Task prompt:
Exactly the lines from the one with "this 1344×1512 image." through the end of the material are to be output, both included, with no other text.

Exercise input:
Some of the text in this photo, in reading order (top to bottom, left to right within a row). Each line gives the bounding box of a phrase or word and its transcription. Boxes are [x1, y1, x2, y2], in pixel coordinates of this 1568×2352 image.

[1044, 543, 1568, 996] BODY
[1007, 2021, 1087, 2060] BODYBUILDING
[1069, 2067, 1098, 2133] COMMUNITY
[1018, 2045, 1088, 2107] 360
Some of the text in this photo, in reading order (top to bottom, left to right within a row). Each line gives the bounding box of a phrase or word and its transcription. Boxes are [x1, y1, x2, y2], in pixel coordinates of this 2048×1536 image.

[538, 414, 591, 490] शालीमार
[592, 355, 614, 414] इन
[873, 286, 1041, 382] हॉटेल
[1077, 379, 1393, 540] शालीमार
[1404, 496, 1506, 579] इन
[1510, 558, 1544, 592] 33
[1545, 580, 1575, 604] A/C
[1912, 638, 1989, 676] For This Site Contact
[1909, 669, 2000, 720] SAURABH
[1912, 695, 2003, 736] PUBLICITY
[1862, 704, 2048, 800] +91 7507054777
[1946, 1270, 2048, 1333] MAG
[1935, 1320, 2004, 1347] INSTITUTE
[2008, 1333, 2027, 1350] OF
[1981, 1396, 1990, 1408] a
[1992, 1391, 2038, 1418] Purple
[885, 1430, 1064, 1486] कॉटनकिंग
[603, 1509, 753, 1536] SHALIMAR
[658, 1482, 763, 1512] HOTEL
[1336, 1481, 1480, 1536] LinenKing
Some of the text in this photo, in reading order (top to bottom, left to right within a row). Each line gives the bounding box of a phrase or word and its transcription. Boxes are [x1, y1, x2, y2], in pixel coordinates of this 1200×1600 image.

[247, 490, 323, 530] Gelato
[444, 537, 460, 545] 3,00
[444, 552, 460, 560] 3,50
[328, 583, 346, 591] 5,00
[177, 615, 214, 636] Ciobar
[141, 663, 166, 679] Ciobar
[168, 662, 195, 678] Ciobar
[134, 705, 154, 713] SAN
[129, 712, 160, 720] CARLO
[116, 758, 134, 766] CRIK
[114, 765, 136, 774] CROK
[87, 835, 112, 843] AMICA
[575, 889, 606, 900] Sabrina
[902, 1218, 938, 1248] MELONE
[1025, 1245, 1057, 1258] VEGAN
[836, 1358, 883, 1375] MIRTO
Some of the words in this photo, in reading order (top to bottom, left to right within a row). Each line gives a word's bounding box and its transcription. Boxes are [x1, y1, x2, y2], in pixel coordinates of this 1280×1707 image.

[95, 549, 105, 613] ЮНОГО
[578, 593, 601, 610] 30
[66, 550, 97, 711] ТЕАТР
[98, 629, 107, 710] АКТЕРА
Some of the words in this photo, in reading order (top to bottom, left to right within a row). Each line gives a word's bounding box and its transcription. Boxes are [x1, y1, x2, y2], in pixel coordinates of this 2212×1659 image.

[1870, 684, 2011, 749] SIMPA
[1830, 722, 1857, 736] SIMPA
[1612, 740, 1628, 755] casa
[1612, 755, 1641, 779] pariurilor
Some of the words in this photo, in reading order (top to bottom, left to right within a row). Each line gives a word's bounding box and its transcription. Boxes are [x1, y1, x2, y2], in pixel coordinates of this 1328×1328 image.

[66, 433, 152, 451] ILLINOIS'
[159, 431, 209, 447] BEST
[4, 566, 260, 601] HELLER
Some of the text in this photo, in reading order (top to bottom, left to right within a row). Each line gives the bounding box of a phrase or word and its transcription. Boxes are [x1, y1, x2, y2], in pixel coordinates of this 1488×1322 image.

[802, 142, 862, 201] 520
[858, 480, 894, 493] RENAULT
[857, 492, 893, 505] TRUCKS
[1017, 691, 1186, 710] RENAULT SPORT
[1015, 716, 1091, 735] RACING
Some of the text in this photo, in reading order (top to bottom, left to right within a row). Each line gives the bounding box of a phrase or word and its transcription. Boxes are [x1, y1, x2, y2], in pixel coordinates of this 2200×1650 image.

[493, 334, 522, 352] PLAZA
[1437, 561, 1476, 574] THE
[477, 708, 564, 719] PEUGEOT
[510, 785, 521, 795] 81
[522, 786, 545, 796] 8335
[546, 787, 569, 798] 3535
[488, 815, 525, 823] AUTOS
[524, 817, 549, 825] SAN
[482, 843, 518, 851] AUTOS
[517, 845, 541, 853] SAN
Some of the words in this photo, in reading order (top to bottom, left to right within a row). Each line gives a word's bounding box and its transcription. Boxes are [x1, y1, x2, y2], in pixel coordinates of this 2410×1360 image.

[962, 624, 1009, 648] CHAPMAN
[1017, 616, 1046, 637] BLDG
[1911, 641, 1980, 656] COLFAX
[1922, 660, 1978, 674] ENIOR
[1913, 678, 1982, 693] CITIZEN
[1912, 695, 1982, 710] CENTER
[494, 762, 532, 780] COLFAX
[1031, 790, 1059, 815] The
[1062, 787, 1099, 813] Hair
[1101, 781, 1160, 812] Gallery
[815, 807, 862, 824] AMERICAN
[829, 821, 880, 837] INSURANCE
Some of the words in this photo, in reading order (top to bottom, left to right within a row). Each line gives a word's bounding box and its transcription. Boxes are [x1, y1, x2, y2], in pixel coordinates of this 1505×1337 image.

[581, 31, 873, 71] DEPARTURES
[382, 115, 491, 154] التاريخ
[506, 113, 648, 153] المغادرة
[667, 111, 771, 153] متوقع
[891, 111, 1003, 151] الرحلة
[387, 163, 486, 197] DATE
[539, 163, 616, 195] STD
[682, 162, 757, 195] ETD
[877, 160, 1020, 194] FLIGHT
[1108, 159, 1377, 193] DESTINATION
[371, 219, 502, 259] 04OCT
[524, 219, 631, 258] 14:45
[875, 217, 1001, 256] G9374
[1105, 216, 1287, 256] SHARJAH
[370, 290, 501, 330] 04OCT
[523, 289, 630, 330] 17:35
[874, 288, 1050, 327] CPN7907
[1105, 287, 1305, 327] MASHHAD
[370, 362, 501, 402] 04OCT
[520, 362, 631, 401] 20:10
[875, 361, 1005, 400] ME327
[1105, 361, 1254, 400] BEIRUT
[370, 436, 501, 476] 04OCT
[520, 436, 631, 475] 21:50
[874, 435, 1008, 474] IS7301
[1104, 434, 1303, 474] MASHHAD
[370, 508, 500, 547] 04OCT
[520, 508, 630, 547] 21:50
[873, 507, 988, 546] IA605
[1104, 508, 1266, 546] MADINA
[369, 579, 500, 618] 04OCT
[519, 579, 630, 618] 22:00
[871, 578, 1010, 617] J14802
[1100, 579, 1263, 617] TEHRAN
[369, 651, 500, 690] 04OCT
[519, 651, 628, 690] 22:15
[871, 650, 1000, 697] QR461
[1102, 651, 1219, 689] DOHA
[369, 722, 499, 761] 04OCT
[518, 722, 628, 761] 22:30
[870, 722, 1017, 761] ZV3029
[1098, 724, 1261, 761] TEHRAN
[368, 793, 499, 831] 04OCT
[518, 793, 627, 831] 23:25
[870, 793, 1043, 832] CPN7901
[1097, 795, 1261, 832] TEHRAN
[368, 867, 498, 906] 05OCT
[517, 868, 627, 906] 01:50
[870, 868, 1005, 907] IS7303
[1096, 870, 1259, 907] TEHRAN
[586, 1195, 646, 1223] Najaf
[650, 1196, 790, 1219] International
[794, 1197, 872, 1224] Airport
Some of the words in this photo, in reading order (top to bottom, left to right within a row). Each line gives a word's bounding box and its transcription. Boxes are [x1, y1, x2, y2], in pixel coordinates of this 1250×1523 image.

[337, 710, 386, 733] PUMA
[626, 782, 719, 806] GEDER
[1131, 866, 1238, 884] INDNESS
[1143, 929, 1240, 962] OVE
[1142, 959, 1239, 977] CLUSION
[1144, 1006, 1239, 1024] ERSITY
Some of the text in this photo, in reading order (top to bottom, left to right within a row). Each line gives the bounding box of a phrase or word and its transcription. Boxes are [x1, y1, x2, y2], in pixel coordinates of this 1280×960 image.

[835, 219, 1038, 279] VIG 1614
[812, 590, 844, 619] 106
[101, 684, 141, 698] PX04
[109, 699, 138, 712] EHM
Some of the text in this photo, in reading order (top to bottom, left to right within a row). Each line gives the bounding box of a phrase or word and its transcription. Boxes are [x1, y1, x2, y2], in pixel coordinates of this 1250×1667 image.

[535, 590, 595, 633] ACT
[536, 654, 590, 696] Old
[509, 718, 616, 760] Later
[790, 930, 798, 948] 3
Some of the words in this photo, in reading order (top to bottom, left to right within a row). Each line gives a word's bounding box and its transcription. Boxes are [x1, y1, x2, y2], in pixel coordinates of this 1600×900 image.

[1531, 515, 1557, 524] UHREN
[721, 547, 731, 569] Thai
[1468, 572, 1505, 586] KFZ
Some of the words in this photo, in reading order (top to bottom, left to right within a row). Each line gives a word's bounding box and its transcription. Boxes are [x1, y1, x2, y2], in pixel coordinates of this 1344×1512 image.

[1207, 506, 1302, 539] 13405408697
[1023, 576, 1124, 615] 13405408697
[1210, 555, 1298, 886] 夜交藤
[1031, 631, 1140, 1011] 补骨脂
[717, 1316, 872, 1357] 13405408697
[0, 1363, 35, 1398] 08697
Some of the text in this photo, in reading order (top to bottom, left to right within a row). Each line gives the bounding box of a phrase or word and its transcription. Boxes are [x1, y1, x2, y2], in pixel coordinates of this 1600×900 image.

Response to the exercise:
Some of the words in this photo, in reading order (top to bottom, left to right within a row). Each line gives a word's bounding box and its transcription. Boxes are [x1, y1, x2, y2], in pixel coordinates of this 1344×1512 image.

[1207, 506, 1302, 539] 13405408697
[1023, 576, 1124, 615] 13405408697
[1210, 555, 1298, 886] 夜交藤
[1031, 631, 1140, 1011] 补骨脂
[717, 1316, 872, 1357] 13405408697
[0, 1363, 35, 1398] 08697
Some of the text in this photo, in reading order (top to bottom, left to right within a row). Each line gives the bounding box of a phrase or word and its transcription. Boxes are [x1, y1, x2, y2], in pixel coordinates of this 1600×900 image.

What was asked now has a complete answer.